Sadly, the most important truth about the Night’s Watch today is its decline. It may once have served a great purpose. But if the Others ever existed, they have not been seen in thousands of years and are of no threat to men. It is the wildlings beyond the Wall who are the danger the Night’s Watch now face. Yet only when there are kings-beyond-the-Wall have the wildlings ever truly presented a threat to the realms of men.
The vast expense in sustaining the Wall and the men who man it has become increasingly intolerable. Only three of the castles of the Night’s Watch are now manned, and the order is a tenth of the size that it was when Aegon and his sisters landed, yet even at this size, the Watch remains a burden.
Some argue that the Wall serves as a useful way of ridding the realm of murderers, rapers, poachers, and their ilk, whilst others question the wisdom of putting weapons in the hands of such and training them in the arts of war. Wildling raids may rightly be considered more of a nuisance than a menace; many wise men suggest that they might be better dealt with by allowing the lords of the North to extend their rule beyond the Wall so that they can drive the wildlings back.
Only the fact that the Northmen themselves greatly honor the Watch has kept it functioning, and a great part of the food that keeps the black brothers of Castle Black, the Shadow Tower, and Eastwatch-by-the-Sea from starving comes not from the Gift but from the yearly gifts these Northern lords deliver to the Wall in token of their support.

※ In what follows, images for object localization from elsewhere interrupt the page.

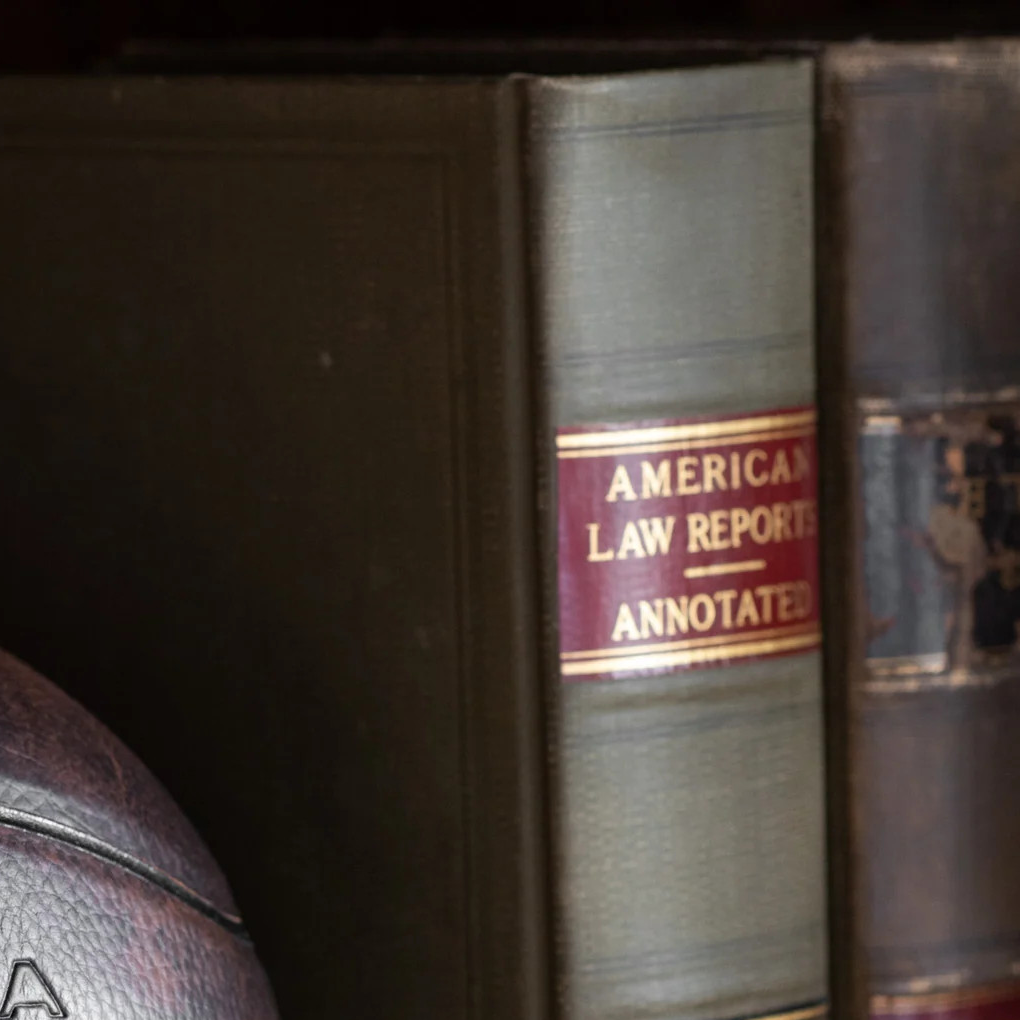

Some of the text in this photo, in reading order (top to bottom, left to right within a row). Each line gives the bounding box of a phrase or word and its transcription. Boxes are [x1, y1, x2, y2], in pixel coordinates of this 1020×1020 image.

[605, 444, 810, 502] AMERICAN
[586, 515, 676, 562] LAW
[611, 580, 813, 641] ANNOTATED
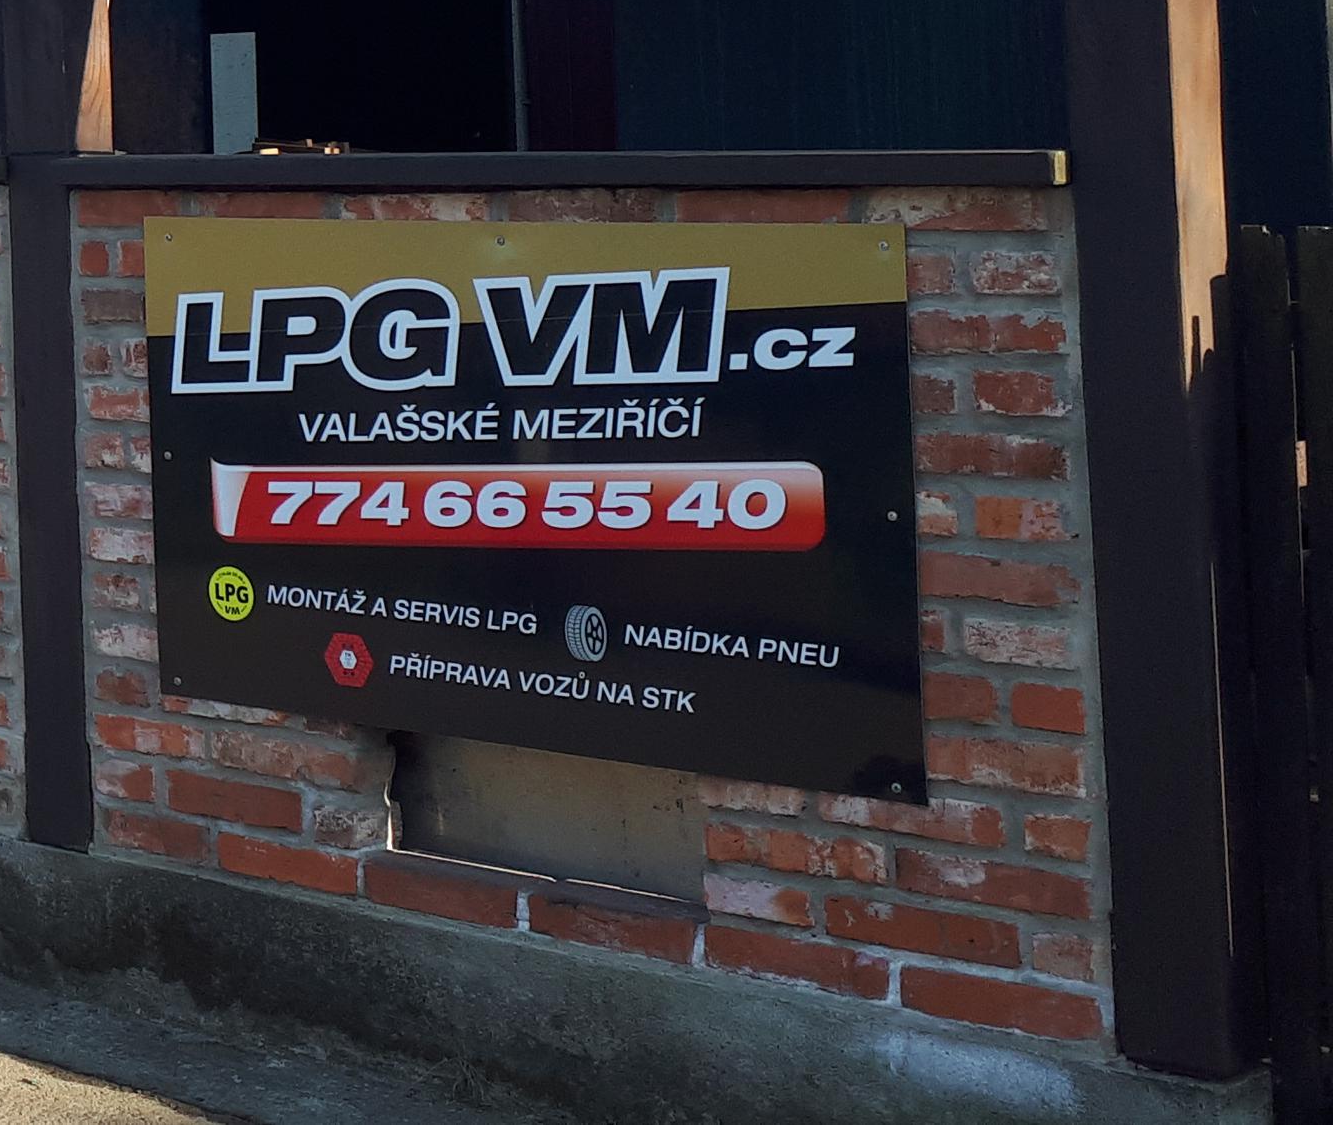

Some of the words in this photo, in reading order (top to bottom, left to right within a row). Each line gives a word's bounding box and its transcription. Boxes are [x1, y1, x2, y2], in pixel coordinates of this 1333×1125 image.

[170, 279, 460, 394] LPG
[298, 403, 500, 444] VALAŠSKÉ
[513, 397, 706, 441] MEZIŘÍČÍ
[267, 481, 410, 527] 774
[423, 480, 527, 528] 66
[541, 481, 652, 529] 55
[666, 478, 788, 529] 40
[214, 583, 249, 604] LPG
[266, 584, 367, 615] MONTÁŽ
[371, 597, 388, 617] A
[393, 598, 481, 628] SERVIS
[487, 609, 538, 635] LPG
[624, 624, 750, 659] NABÍDKA
[757, 638, 840, 668] PNEU
[389, 652, 511, 690] PŘÍPRAVA
[518, 670, 590, 700] VOZŮ
[596, 680, 635, 706] NA
[641, 686, 697, 713] STK

In the lands beyond the Wall live the diverse people—all descended from the First Men—that we of the more civilized south name wildlings.
This is not a term they use themselves. The largest and most numerous of the various peoples beyond the Wall named themselves the free folk, in their belief that their savage customs allow them lives of greater freedom than the kneelers of the south. And it is true that they live with neither lords nor kings and need bow to neither man nor priest, regardless of their birth or blood or station.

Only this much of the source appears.